Doss in the film is shown lowering man after man off the steep escarpment of Hacksaw Ridge, hiding from the Japanese after the 77th was driven down from the top of Hacksaw Ridge by a Japanese counterattack, refusing to leave the wounded.  Miraculously he escaped being either killed or captured by the Japanese, and lowered 75 wounded to life and safety from the top of Hacksaw, repeating over and over to himself, “Lord, let me save just one more.”  In the counterattack to take Hacksaw, his battalion waited until Doss completed praying, the men and officers regarding him as absolutely indispensable to the unit.

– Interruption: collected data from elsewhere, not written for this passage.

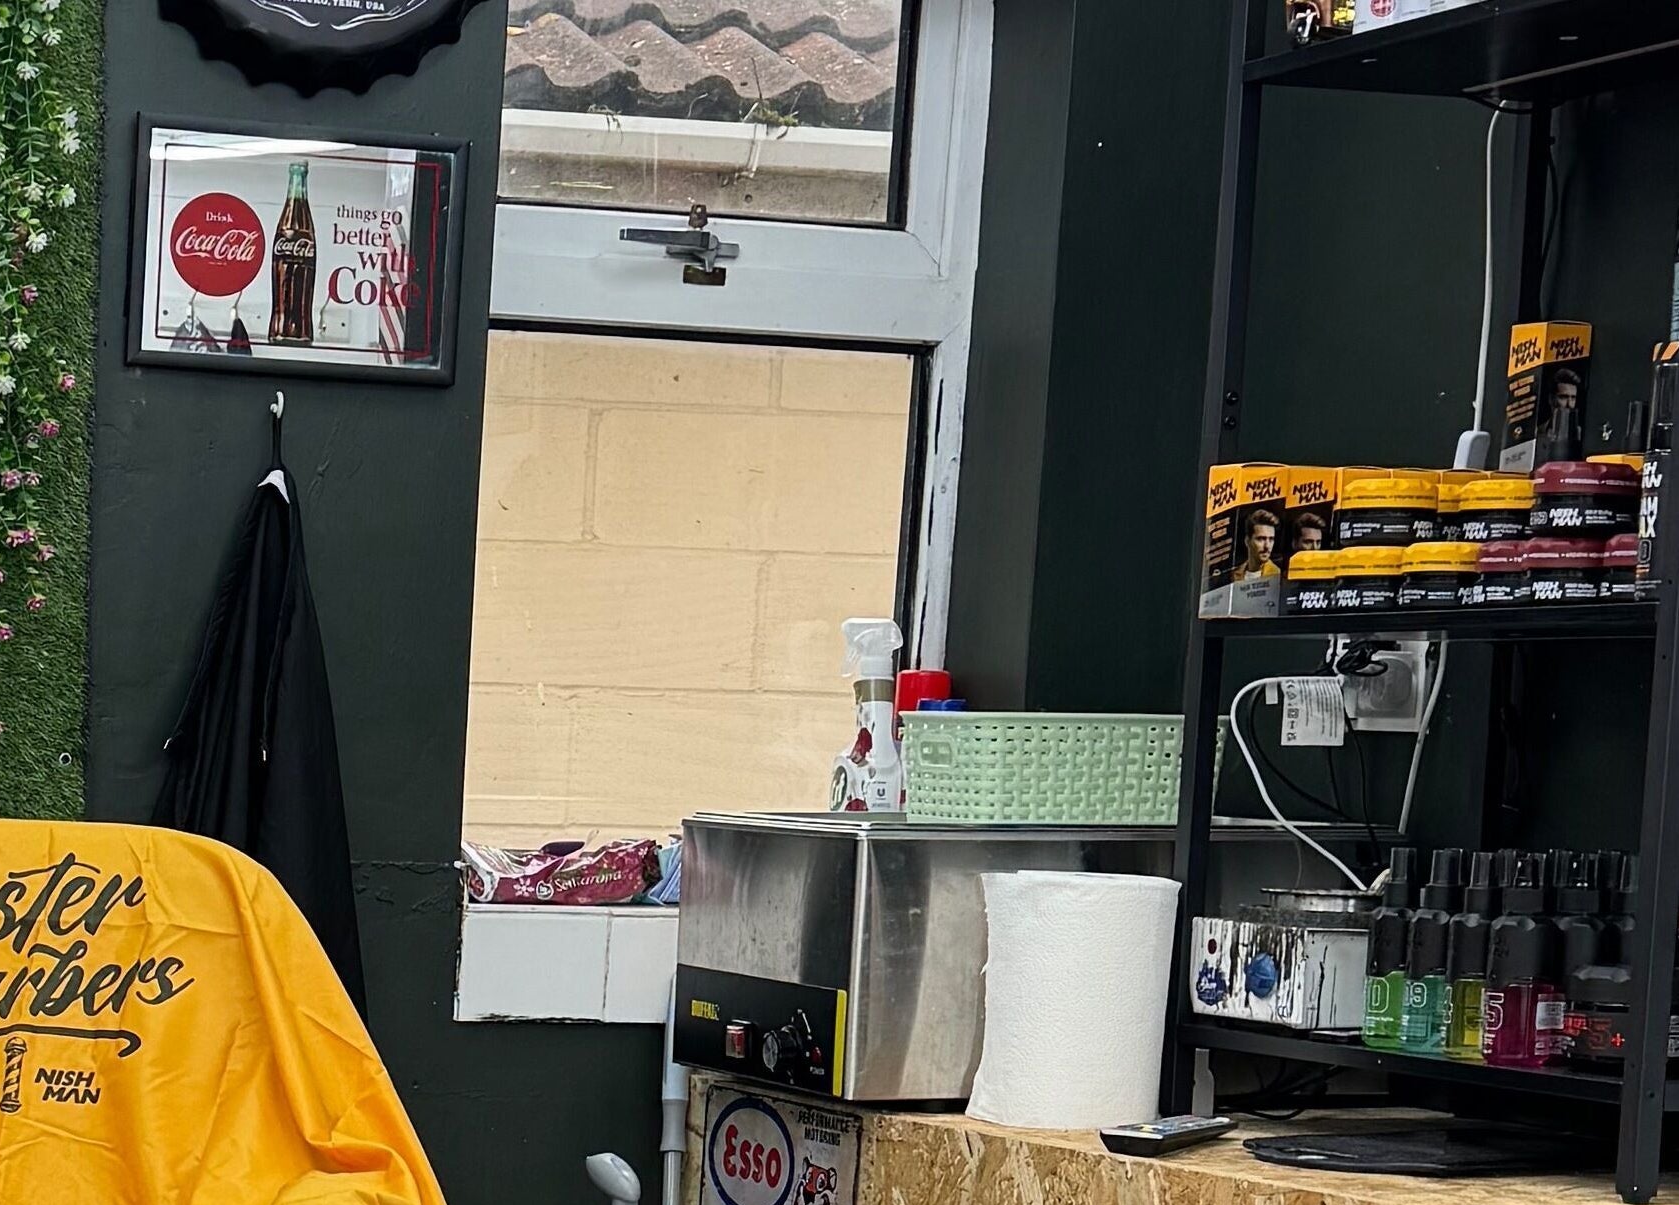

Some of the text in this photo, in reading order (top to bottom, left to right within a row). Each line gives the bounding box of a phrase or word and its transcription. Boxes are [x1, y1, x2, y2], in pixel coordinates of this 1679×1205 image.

[366, 1, 385, 11] USA
[205, 211, 234, 223] Drink
[337, 204, 403, 231] things go
[333, 222, 392, 248] better
[357, 243, 416, 277] with
[328, 266, 421, 309] Coke
[1511, 336, 1538, 357] NISH
[1550, 336, 1580, 351] NISH
[1555, 344, 1585, 360] MAN
[1515, 348, 1542, 369] MAN
[1210, 478, 1234, 499] NISH
[1246, 477, 1278, 492] NISH
[1252, 486, 1282, 502] MAN
[1292, 480, 1324, 496] NISH
[1212, 489, 1238, 511] MAN
[1298, 488, 1329, 505] MAN
[1549, 507, 1579, 519] NISH
[1551, 516, 1583, 527] MAN
[34, 1067, 97, 1088] NISH
[41, 1086, 102, 1105] MAN
[722, 1124, 782, 1188] ESSO

When he is himself wounded and taken to the rear, his fellow soldiers search until they find his lost Bible.  The last scene in the movie shows Doss, clutching his Bible, suspended on a stretcher between Heaven and Earth.

Just before the credits a few clips of the real Doss were shown.  He never took any credit for his courage giving all the glory to God.  He often said that the real heroes were the men from his unit that never came home, and who were buried on Okinawa.

Mel Gibson has fully redeemed his career as a director with this masterpiece.  A film that goes far beyond mere entertainment and illustrates what a man of faith can accomplish when he stays true to his beliefs and cares so much more about helping others than he does about his own mortal life.  Incredibly, the movie does justice to Desmond Doss, a true American hero.